Но что делать молодым талантам, если они придут в науку, а не в политику или бизнес? Ведь все давно открыто! В науке наступает стагнация — эпоха «средних веков». Энергетика, связь, транспорт — у нас все уже есть! Но так ли ничего нам не надо?
Возможно, очередной кризис (сколько же кризисов научной мысли человечество пережило!) вскоре сменится новым подъемом. Не случайно такой большой интерес вызывают идеи великого русского экономиста Николая Кондратьева (1892— 1938).
Применительно к науке главный посыл таков: каждые полвека человечество переживает очередной бум инноваций. Впереди нас ждет новая волна открытий и изобретений. Как полагают, начнется повальное увлечение биотехнологией, экологическими инновациями, новыми медицинскими технологиями. Говорить о «конпе науки» так же смешно, как повторять 15 лет назад вслед за Фукуямой, что «история кончилась», — повторять накануне новых тектонических сдвигов в мировой политике.
В представлении Кондратьева всякое технологическое развитие обусловлено спросом на него, то есть изъясняясь модными тогда категориями. — экономика первична, а инновационная деятельность вторична. Когда появляется спрос, тогда изобретение, по сути, игрушка, придуманная неким увлеченным человеком, становится товаром массового потребления.
У любой технологии есть своя жизнь. Ее творцами являются чудаки вроде братьев Райт, все свободное время строившие биплан, хоть и уверенные в том, что «человечество и через тысячу лет не научится летать». Порой пресса даже сообщает о странных опытах, «обещающих что-то новое». Дело продолжают энтузиасты — блестящие специалисты, увлеченные новой технологией. Однако для публики она по-прежнему мало интересна. Конечно, в газетах прочтешь порой, что очередной «летун отпущен на свободу» (А. А. Блок). Но что проку в опытах? Ни один здравомыслящий человек не сядет в эту неуправляемую машину. Потом начинается «демократизация технологии». Люди открывают самые широкие возможности ее применения. И уже тянет лететь на аэроплане — нет, самолете! «из Москвы — в Нагасаки! из Нью-Йорка — на Марс!»
В принципе, подобная судьба уготована любой перспективной технологии. Какое-то время она пользуется необычайной популярностью, как радио — в 1920-е годы, телевидение и космонавтика — в начале 1960-х годов, интернет и мобильная связь — в начале нашего века. Создается огромное количество компаний, так или иначе связанных с этой технологией, потом следует кризис, резкий спад интереса к еще одной «модной штучке».
Циклы подъемов и спадов, словно волны, прокатываются по человеческой массе, заставляя тысячи ее атомов то одновременно идти в политику — в революцию или на войну, то бросаться в экономику, устраивая очередное «экономическое чудо», то увлекаться наукой.
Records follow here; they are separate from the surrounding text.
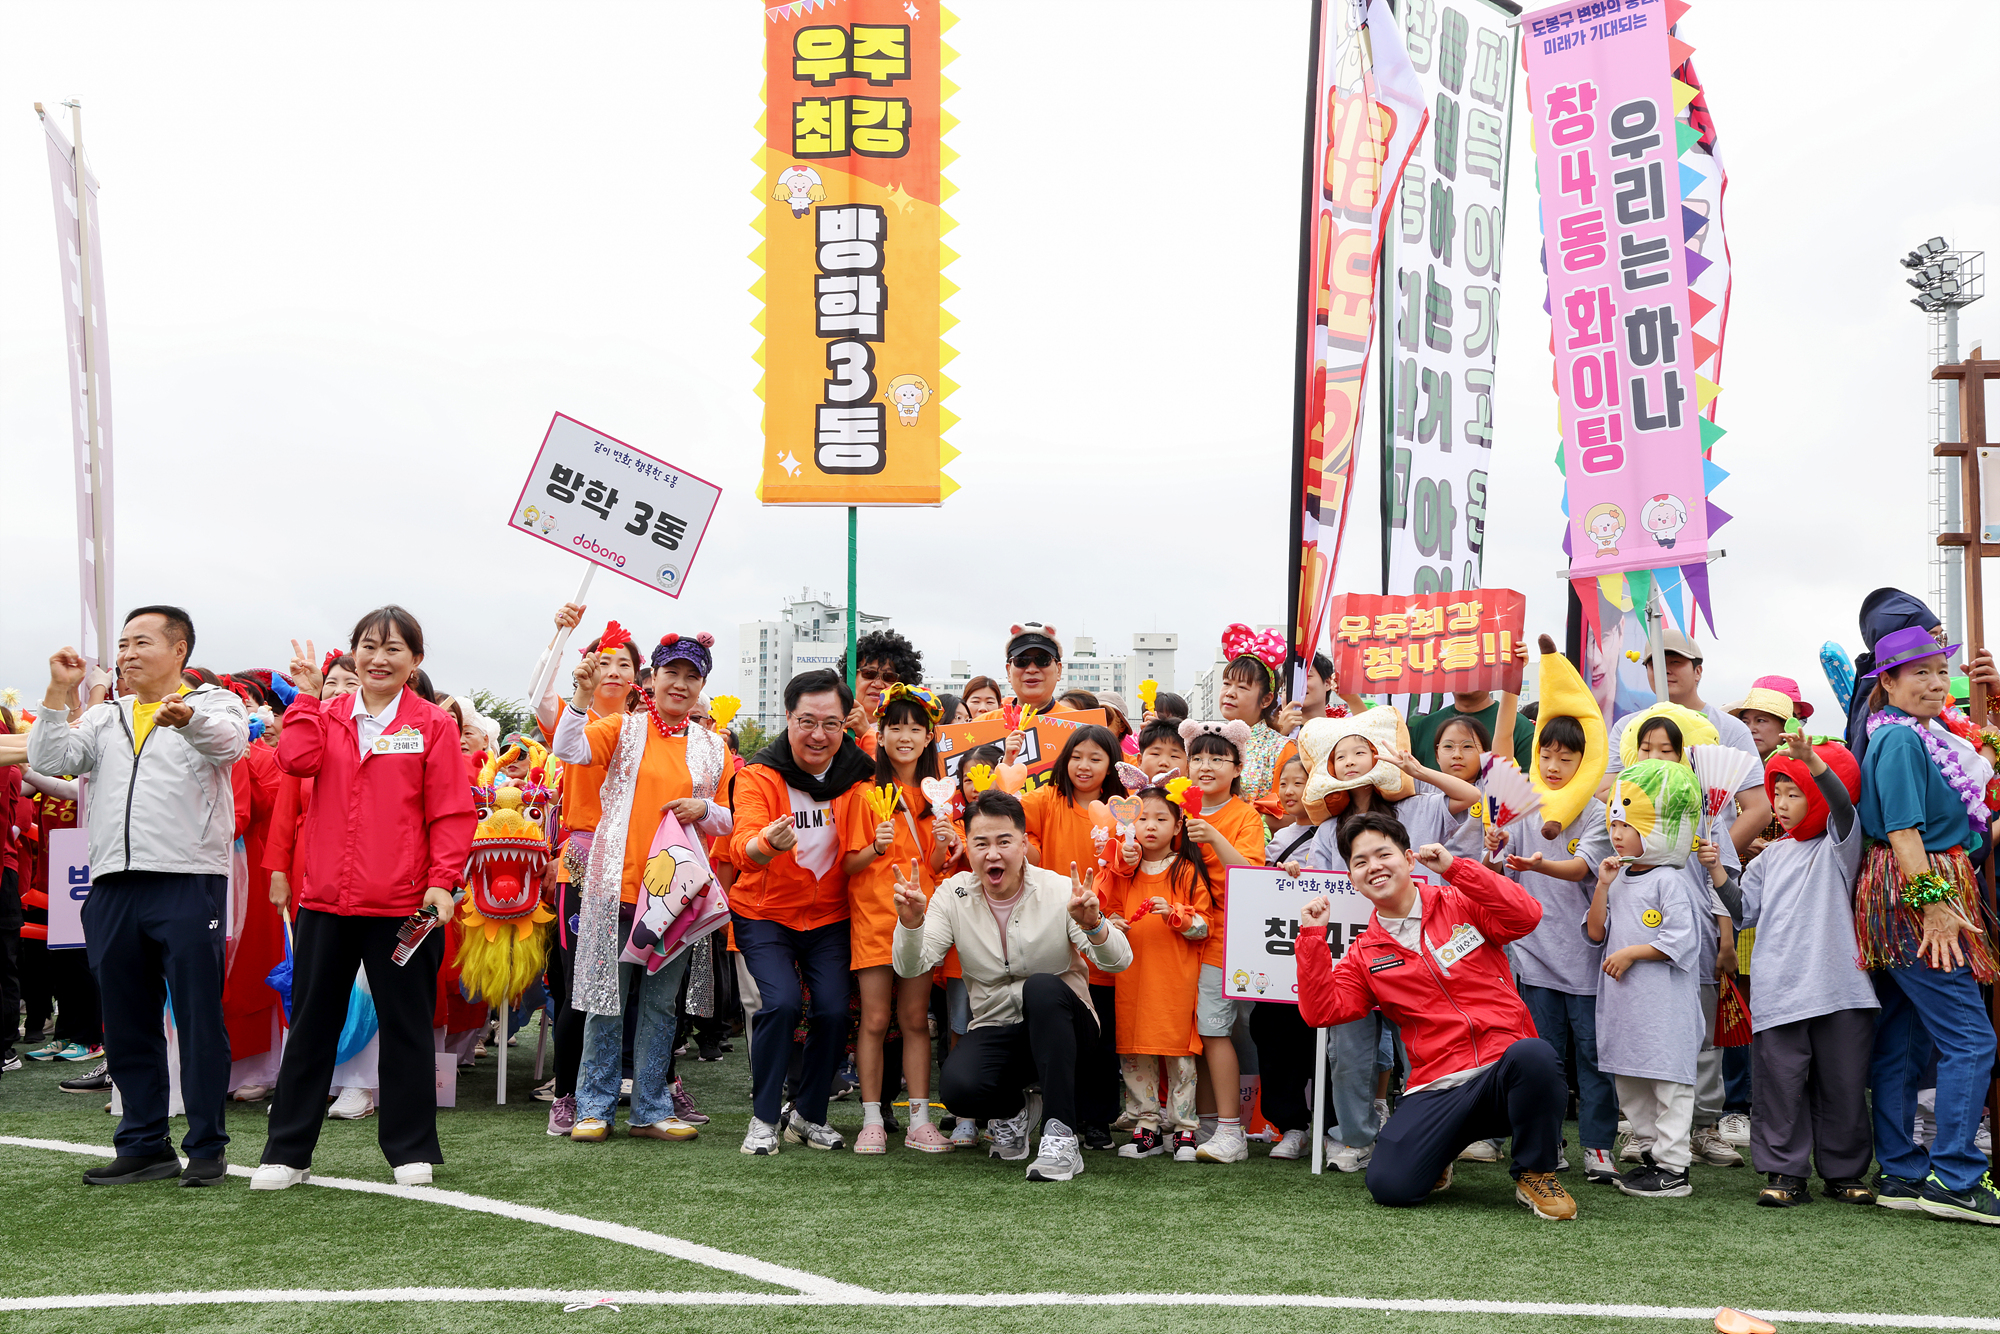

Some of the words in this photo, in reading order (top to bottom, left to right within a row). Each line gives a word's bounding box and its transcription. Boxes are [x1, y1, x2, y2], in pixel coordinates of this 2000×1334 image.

[1531, 11, 1574, 38] 도봉구
[1577, 0, 1621, 24] 변화의
[1543, 30, 1586, 55] 미래가
[1590, 13, 1647, 41] 기대되는
[793, 23, 911, 87] 우주
[792, 96, 911, 159] 최강
[1546, 80, 1608, 273] 창4동
[1610, 99, 1670, 291] 우리는
[814, 205, 888, 475] 방학3동
[1564, 286, 1625, 475] 화이팅
[1624, 305, 1685, 431] 하나
[593, 440, 611, 456] 같이
[613, 450, 631, 469] 변화,
[635, 458, 662, 481] 행복한
[663, 474, 679, 489] 도봉
[546, 463, 619, 521] 방학
[624, 500, 688, 551] 3동
[572, 533, 626, 568] dobong
[1337, 600, 1484, 646] 우주최강
[1363, 631, 1512, 683] 창4동!!
[393, 742, 418, 750] 강혜란
[1275, 878, 1295, 891] 같이
[1299, 880, 1322, 894] 변화,
[1455, 934, 1479, 954] 이호석
Истина, изреченная воином-скитальцем почти тридцать веков назад, справедлива по сей день: «В меру радуйся удаче, в меру в бедствиях горюй; смену волн познай, что в жизни человеческой царит» (Архилох). Похоже, потребность в инновациях не угаснет, пока в людях еще теплится фантазия, пока жива надежда что-либо изменить в своей жизни и в окружающем мире. Прогресс еще победит — и не раз.